> [Directions for this task] Below is a set of entries. Reproduce exactly the lines from the one containing "this 1920×1280 image." through the end, both included.

[Excerpts from a dataset]

+ + +

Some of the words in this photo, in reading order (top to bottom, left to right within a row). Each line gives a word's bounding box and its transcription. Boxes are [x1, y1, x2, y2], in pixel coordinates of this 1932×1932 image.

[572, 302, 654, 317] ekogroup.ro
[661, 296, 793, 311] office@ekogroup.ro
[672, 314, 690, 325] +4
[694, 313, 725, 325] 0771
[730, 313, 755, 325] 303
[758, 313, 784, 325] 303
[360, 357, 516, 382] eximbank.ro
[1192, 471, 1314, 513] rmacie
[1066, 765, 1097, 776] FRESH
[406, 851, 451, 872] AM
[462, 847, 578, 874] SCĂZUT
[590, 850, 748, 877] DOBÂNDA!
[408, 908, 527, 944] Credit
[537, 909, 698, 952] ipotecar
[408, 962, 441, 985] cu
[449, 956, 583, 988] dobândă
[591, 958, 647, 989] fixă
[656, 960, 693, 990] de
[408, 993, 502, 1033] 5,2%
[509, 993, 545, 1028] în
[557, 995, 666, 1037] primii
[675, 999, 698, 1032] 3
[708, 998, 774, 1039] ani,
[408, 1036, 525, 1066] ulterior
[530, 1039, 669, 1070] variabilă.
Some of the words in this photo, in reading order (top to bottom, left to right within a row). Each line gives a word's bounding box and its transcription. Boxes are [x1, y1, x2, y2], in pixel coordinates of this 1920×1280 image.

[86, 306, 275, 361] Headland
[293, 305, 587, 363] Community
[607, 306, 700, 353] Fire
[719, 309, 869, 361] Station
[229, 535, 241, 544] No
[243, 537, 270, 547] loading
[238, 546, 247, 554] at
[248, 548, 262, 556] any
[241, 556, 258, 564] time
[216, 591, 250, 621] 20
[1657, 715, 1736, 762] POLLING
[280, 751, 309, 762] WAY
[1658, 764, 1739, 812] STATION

+ + +

> [Written answer]
Some of the words in this photo, in reading order (top to bottom, left to right within a row). Each line gives a word's bounding box and its transcription. Boxes are [x1, y1, x2, y2], in pixel coordinates of this 1920×1280 image.

[86, 306, 275, 361] Headland
[293, 305, 587, 363] Community
[607, 306, 700, 353] Fire
[719, 309, 869, 361] Station
[229, 535, 241, 544] No
[243, 537, 270, 547] loading
[238, 546, 247, 554] at
[248, 548, 262, 556] any
[241, 556, 258, 564] time
[216, 591, 250, 621] 20
[1657, 715, 1736, 762] POLLING
[280, 751, 309, 762] WAY
[1658, 764, 1739, 812] STATION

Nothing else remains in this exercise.